*** AVAILABLE RECORDS Section Begins ***

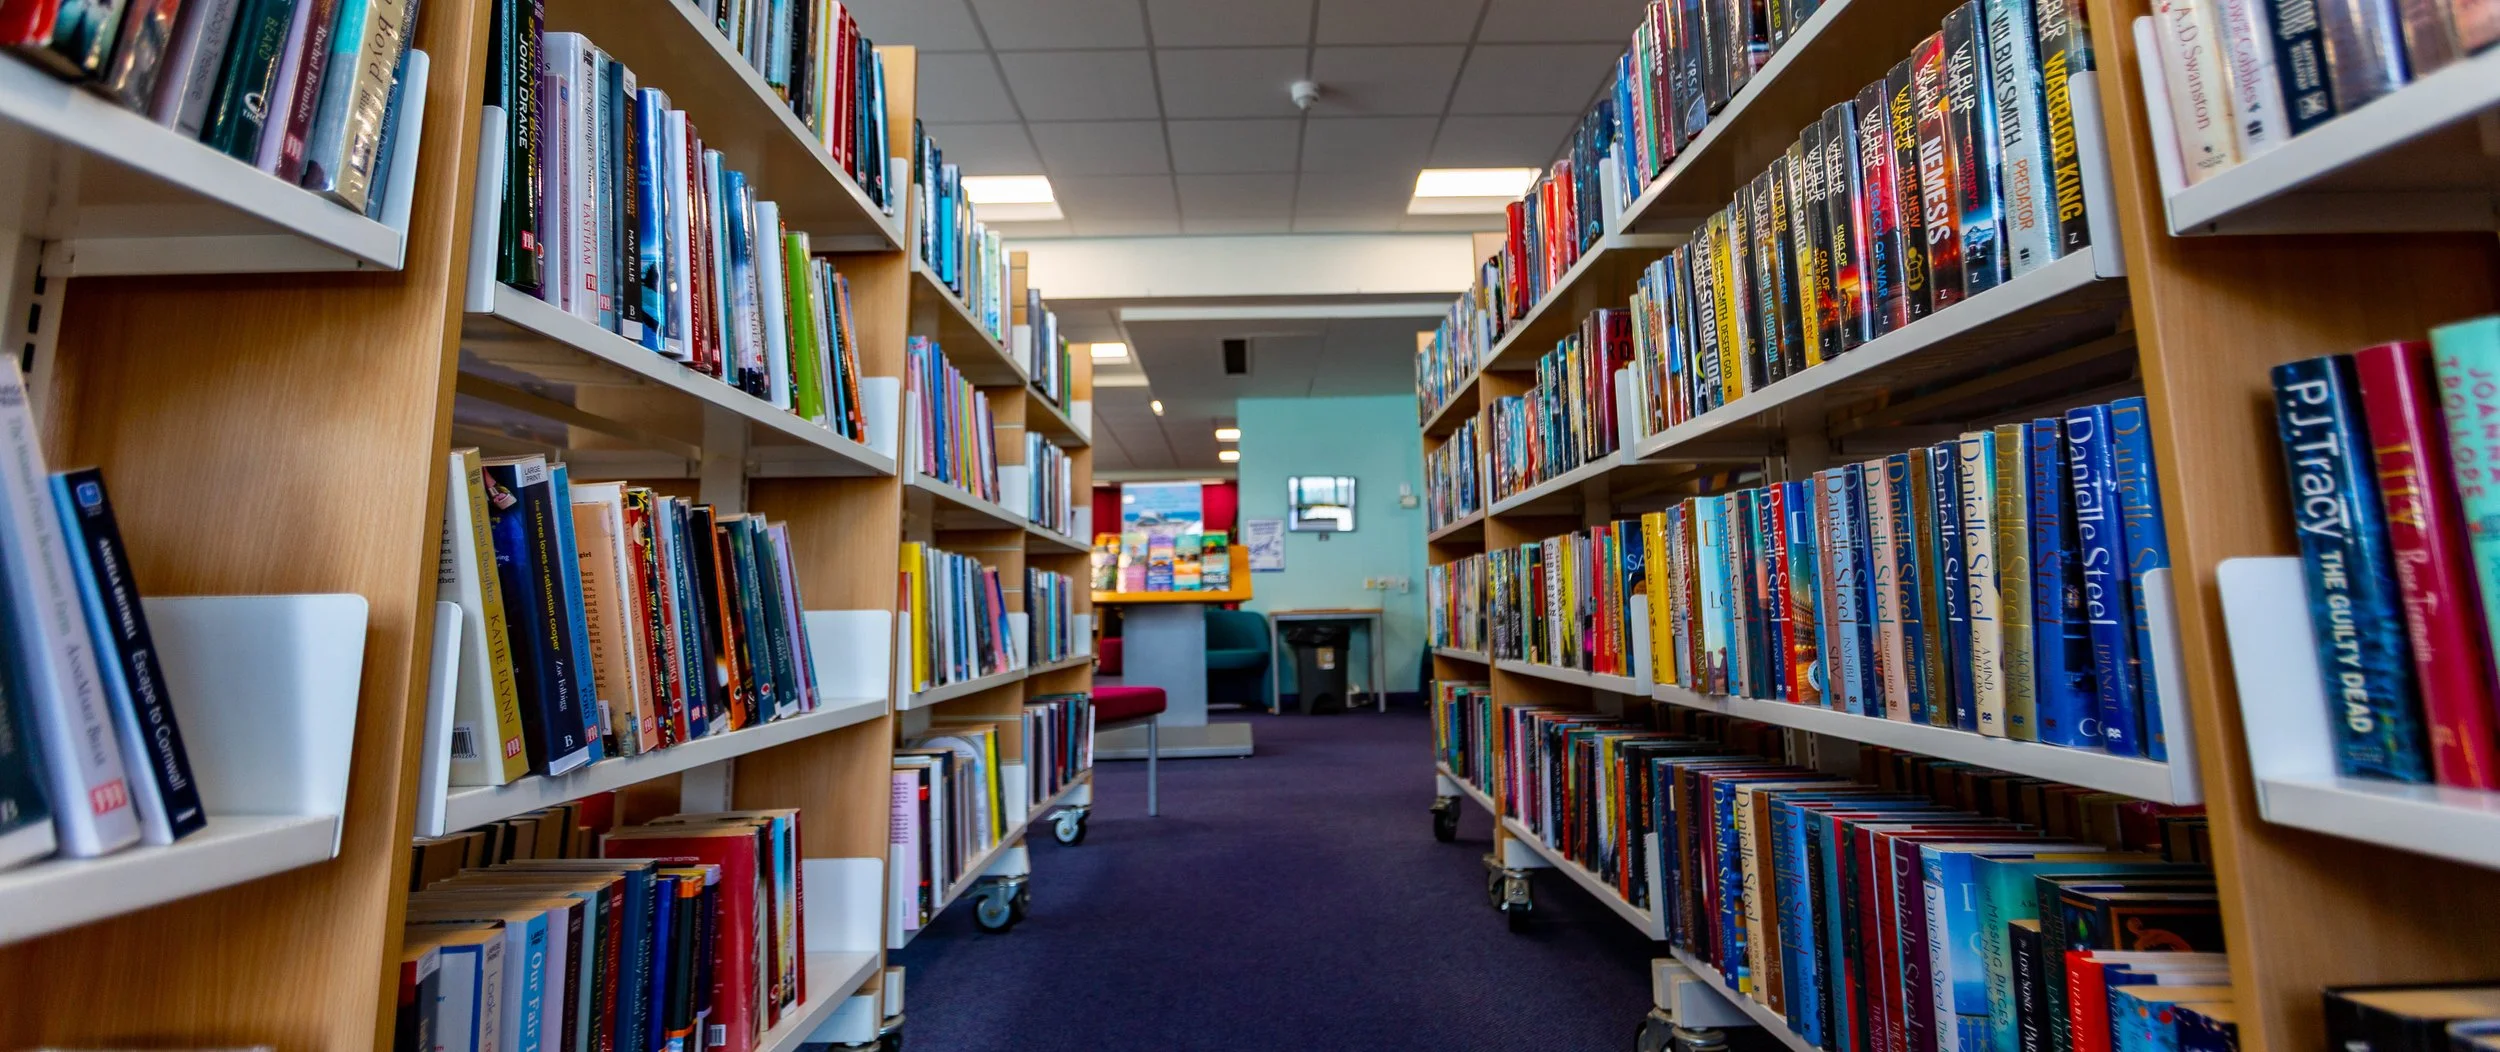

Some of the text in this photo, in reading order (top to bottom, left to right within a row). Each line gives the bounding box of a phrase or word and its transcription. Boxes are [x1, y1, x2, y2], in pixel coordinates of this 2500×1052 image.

[528, 15, 536, 70] SKULL
[298, 25, 328, 123] Rachel Brimble
[519, 33, 529, 148] JOHN DRAKE
[528, 74, 537, 106] AND
[586, 70, 596, 94] Miss
[1686, 58, 1698, 97] YRSA
[1953, 40, 1976, 115] WILBUR
[1990, 9, 2022, 149] WILBUR SMITH
[2043, 49, 2084, 223] WARRIOR KING
[1905, 165, 1921, 229] THE NEW
[1920, 135, 1950, 246] NEMESIS
[2013, 158, 2035, 232] PREDATOR
[583, 204, 593, 265] EASTHAM
[627, 229, 636, 283] MAY ELLIS
[1788, 155, 1815, 340] WILBUR SMITH WAR CRY
[1836, 223, 1848, 267] KING OF
[1869, 182, 1889, 299] LEGACY OF WAR
[1819, 250, 1830, 291] CALL OF
[1700, 289, 1717, 346] STORM
[1712, 240, 1733, 379] WILBUR SMITH DESERT GOD
[1761, 274, 1779, 363] ON THE HORIZON
[1706, 349, 1720, 387] TIDE
[2440, 356, 2485, 498] TROLLOPE
[523, 465, 541, 475] LARGE
[526, 473, 542, 483] PRINT
[2066, 416, 2104, 541] Danielle
[535, 512, 546, 538] three
[1826, 474, 1848, 564] Danielle
[1935, 449, 1964, 622] Danielle Steel
[1960, 438, 1993, 622] Danielle Steel
[539, 540, 549, 565] loves
[1865, 466, 1896, 695] Danielle Steel Resurrection
[1887, 461, 1920, 693] Danielle Steel FLYING ANGELS
[2320, 550, 2348, 590] THE
[544, 573, 557, 617] sebastian
[1766, 572, 1781, 622] Steel
[1775, 571, 1790, 622] Steel
[1836, 567, 1857, 623] Steel
[2081, 547, 2118, 626] Steel
[548, 618, 560, 652] cooper
[681, 608, 691, 635] JEAN
[2328, 593, 2362, 668] GUILTY
[131, 648, 157, 706] Escape
[490, 614, 506, 666] KATIE
[498, 669, 515, 725] FLYNN
[665, 624, 678, 683] DAWN FRENCH
[684, 637, 697, 697] FULLERTON
[1829, 646, 1842, 680] SPY
[1983, 658, 1995, 691] MIND
[149, 705, 162, 725] to
[581, 687, 592, 720] FORD
[2340, 672, 2374, 733] DEAD
[155, 723, 188, 792] Cornwall
[1736, 790, 1754, 868] Danielle
[1742, 871, 1759, 923] Steel
[1924, 884, 1942, 970] Danielle
[1895, 852, 1924, 1030] Danielle Steel
[1988, 903, 2010, 1026] MISSING PIECES
[526, 951, 543, 1040] Our Fair
[1932, 970, 1948, 1012] Steel
[2019, 951, 2033, 1013] LOST SONG
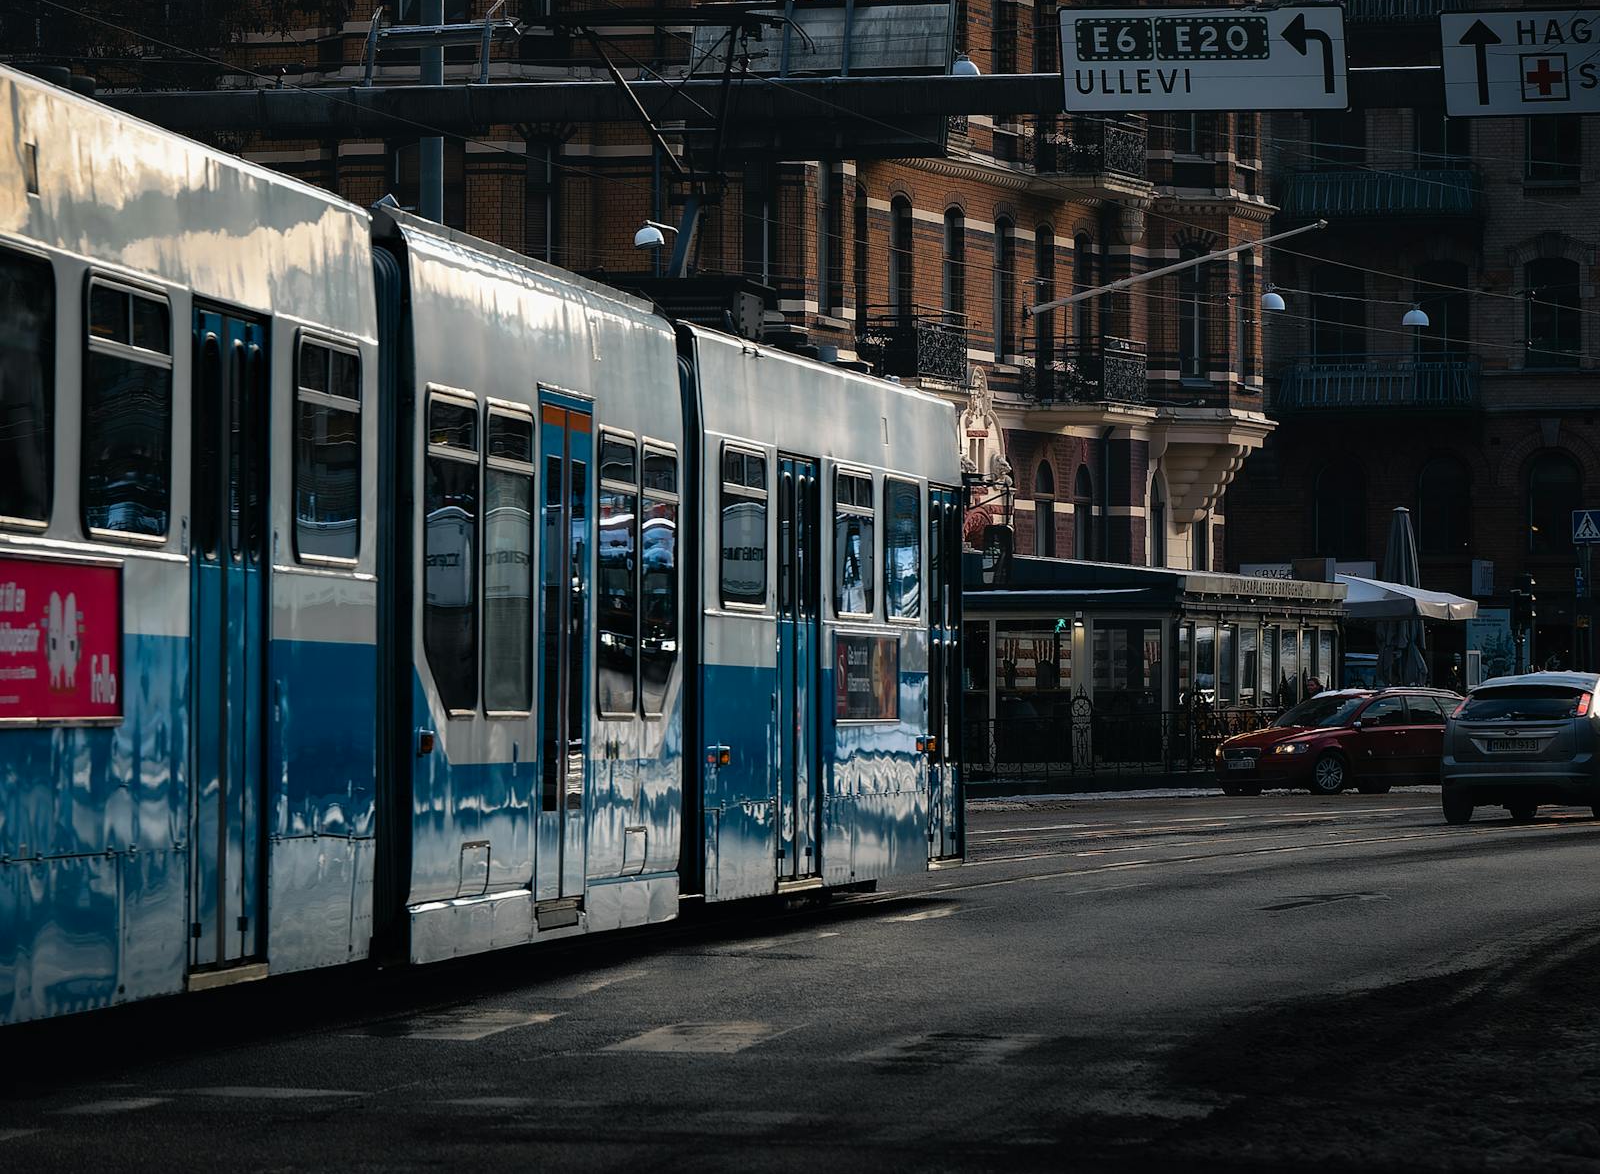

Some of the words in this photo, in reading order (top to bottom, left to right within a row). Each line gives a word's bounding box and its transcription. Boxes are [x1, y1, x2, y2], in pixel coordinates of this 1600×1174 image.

[1093, 26, 1136, 53] E6
[1176, 25, 1248, 52] E20
[1516, 18, 1600, 45] HAG
[1076, 69, 1191, 94] ULLEVI
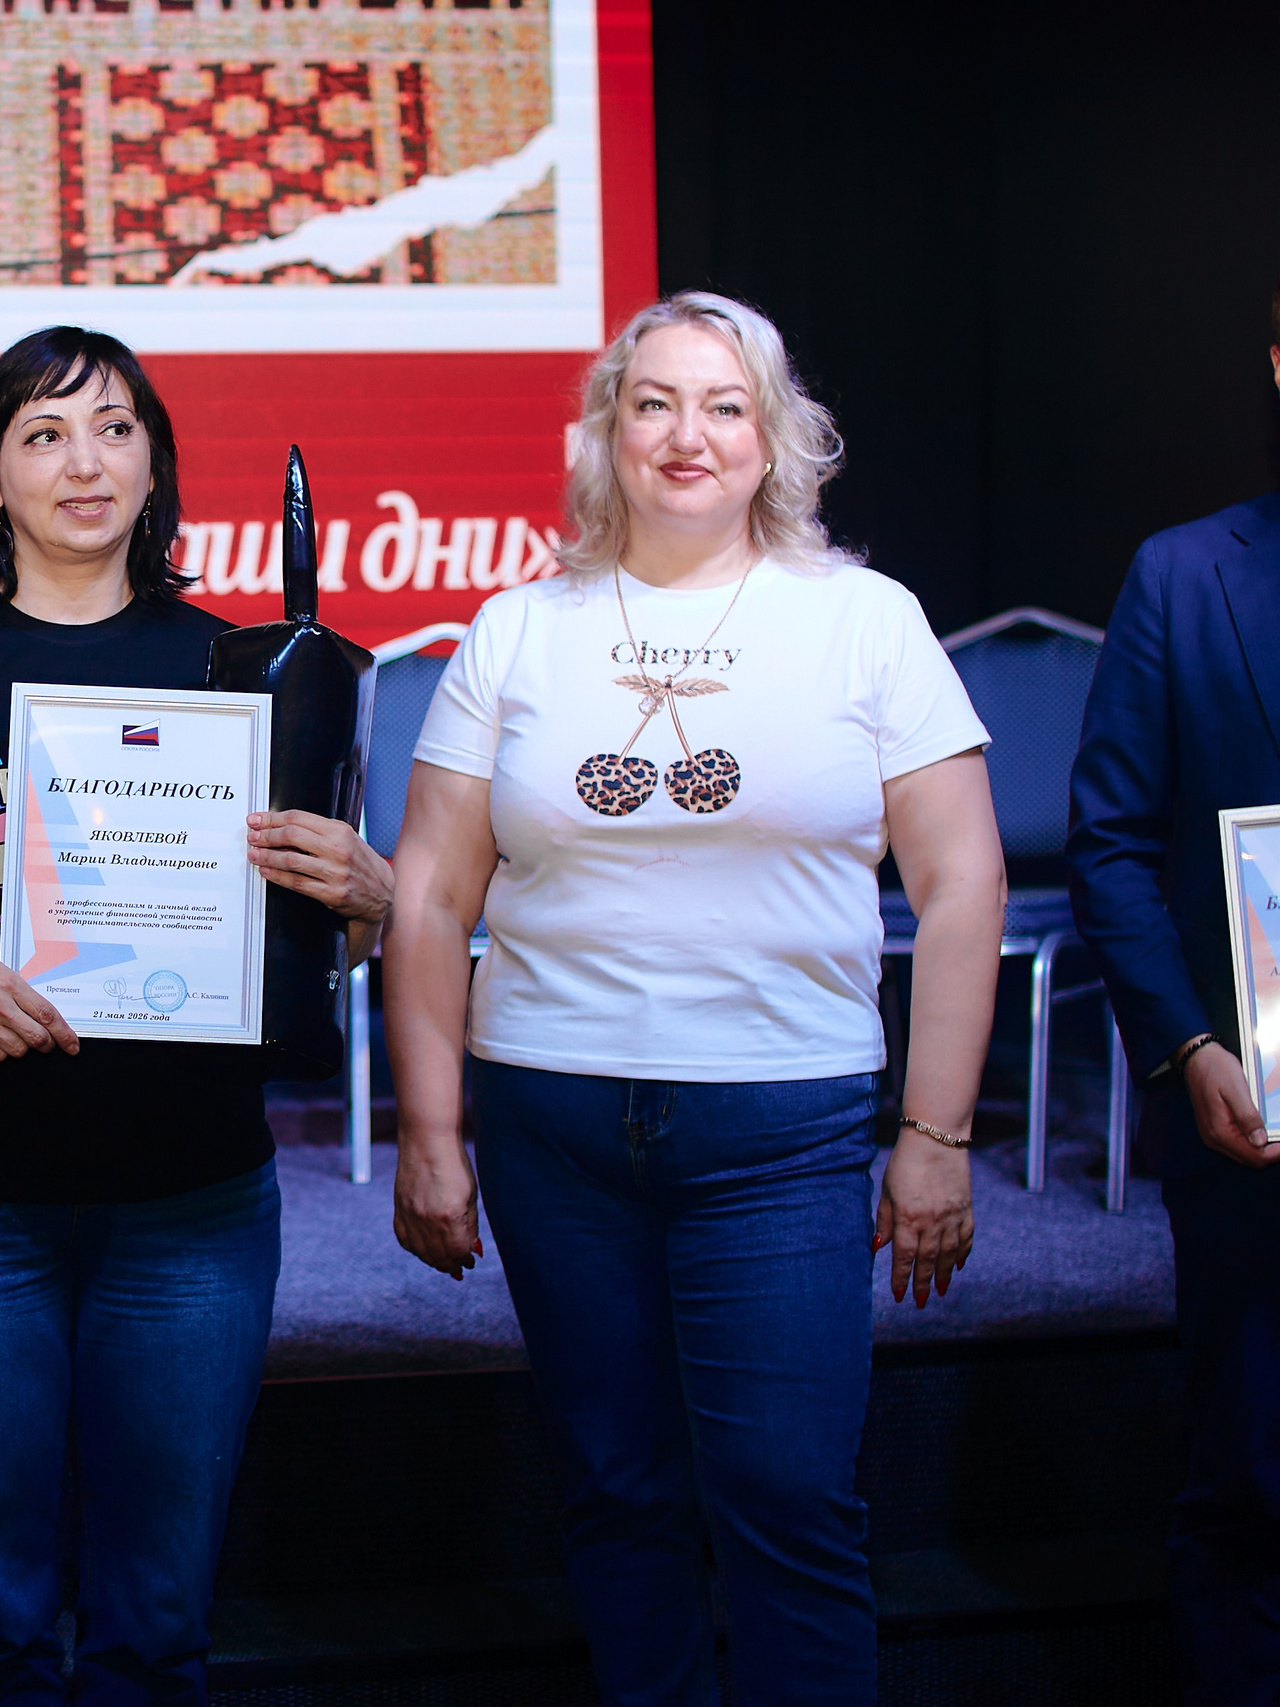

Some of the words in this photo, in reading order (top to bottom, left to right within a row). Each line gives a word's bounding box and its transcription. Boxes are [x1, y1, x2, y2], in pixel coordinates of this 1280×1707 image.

*** AVAILABLE RECORDS Section Ends ***

WHAT THE TASK REQUIRES
Return each line from the material above exactly, but not the pictures.

RESULT OF THE TASK
Some of the text in this photo, in reading order (top to bottom, left to right within a row). Each line gives the bounding box of a phrase or word and its transcription. Boxes are [x1, y1, x2, y2], in pixel coordinates of this 2500×1052 image.

[528, 15, 536, 70] SKULL
[298, 25, 328, 123] Rachel Brimble
[519, 33, 529, 148] JOHN DRAKE
[528, 74, 537, 106] AND
[586, 70, 596, 94] Miss
[1686, 58, 1698, 97] YRSA
[1953, 40, 1976, 115] WILBUR
[1990, 9, 2022, 149] WILBUR SMITH
[2043, 49, 2084, 223] WARRIOR KING
[1905, 165, 1921, 229] THE NEW
[1920, 135, 1950, 246] NEMESIS
[2013, 158, 2035, 232] PREDATOR
[583, 204, 593, 265] EASTHAM
[627, 229, 636, 283] MAY ELLIS
[1788, 155, 1815, 340] WILBUR SMITH WAR CRY
[1836, 223, 1848, 267] KING OF
[1869, 182, 1889, 299] LEGACY OF WAR
[1819, 250, 1830, 291] CALL OF
[1700, 289, 1717, 346] STORM
[1712, 240, 1733, 379] WILBUR SMITH DESERT GOD
[1761, 274, 1779, 363] ON THE HORIZON
[1706, 349, 1720, 387] TIDE
[2440, 356, 2485, 498] TROLLOPE
[523, 465, 541, 475] LARGE
[526, 473, 542, 483] PRINT
[2066, 416, 2104, 541] Danielle
[535, 512, 546, 538] three
[1826, 474, 1848, 564] Danielle
[1935, 449, 1964, 622] Danielle Steel
[1960, 438, 1993, 622] Danielle Steel
[539, 540, 549, 565] loves
[1865, 466, 1896, 695] Danielle Steel Resurrection
[1887, 461, 1920, 693] Danielle Steel FLYING ANGELS
[2320, 550, 2348, 590] THE
[544, 573, 557, 617] sebastian
[1766, 572, 1781, 622] Steel
[1775, 571, 1790, 622] Steel
[1836, 567, 1857, 623] Steel
[2081, 547, 2118, 626] Steel
[548, 618, 560, 652] cooper
[681, 608, 691, 635] JEAN
[2328, 593, 2362, 668] GUILTY
[131, 648, 157, 706] Escape
[490, 614, 506, 666] KATIE
[498, 669, 515, 725] FLYNN
[665, 624, 678, 683] DAWN FRENCH
[684, 637, 697, 697] FULLERTON
[1829, 646, 1842, 680] SPY
[1983, 658, 1995, 691] MIND
[149, 705, 162, 725] to
[581, 687, 592, 720] FORD
[2340, 672, 2374, 733] DEAD
[155, 723, 188, 792] Cornwall
[1736, 790, 1754, 868] Danielle
[1742, 871, 1759, 923] Steel
[1924, 884, 1942, 970] Danielle
[1895, 852, 1924, 1030] Danielle Steel
[1988, 903, 2010, 1026] MISSING PIECES
[526, 951, 543, 1040] Our Fair
[1932, 970, 1948, 1012] Steel
[2019, 951, 2033, 1013] LOST SONG

Some of the words in this photo, in reading order (top to bottom, left to right within a row). Each line gives a word's bounding box and its transcription. Boxes are [x1, y1, x2, y2], in pixel coordinates of this 1600×1174 image.

[1093, 26, 1136, 53] E6
[1176, 25, 1248, 52] E20
[1516, 18, 1600, 45] HAG
[1076, 69, 1191, 94] ULLEVI

Some of the words in this photo, in reading order (top to bottom, left to right within a row). Each line gives a word's bounding box and its transcription. Boxes are [x1, y1, x2, y2], in pixel coordinates of this 1280×1707 image.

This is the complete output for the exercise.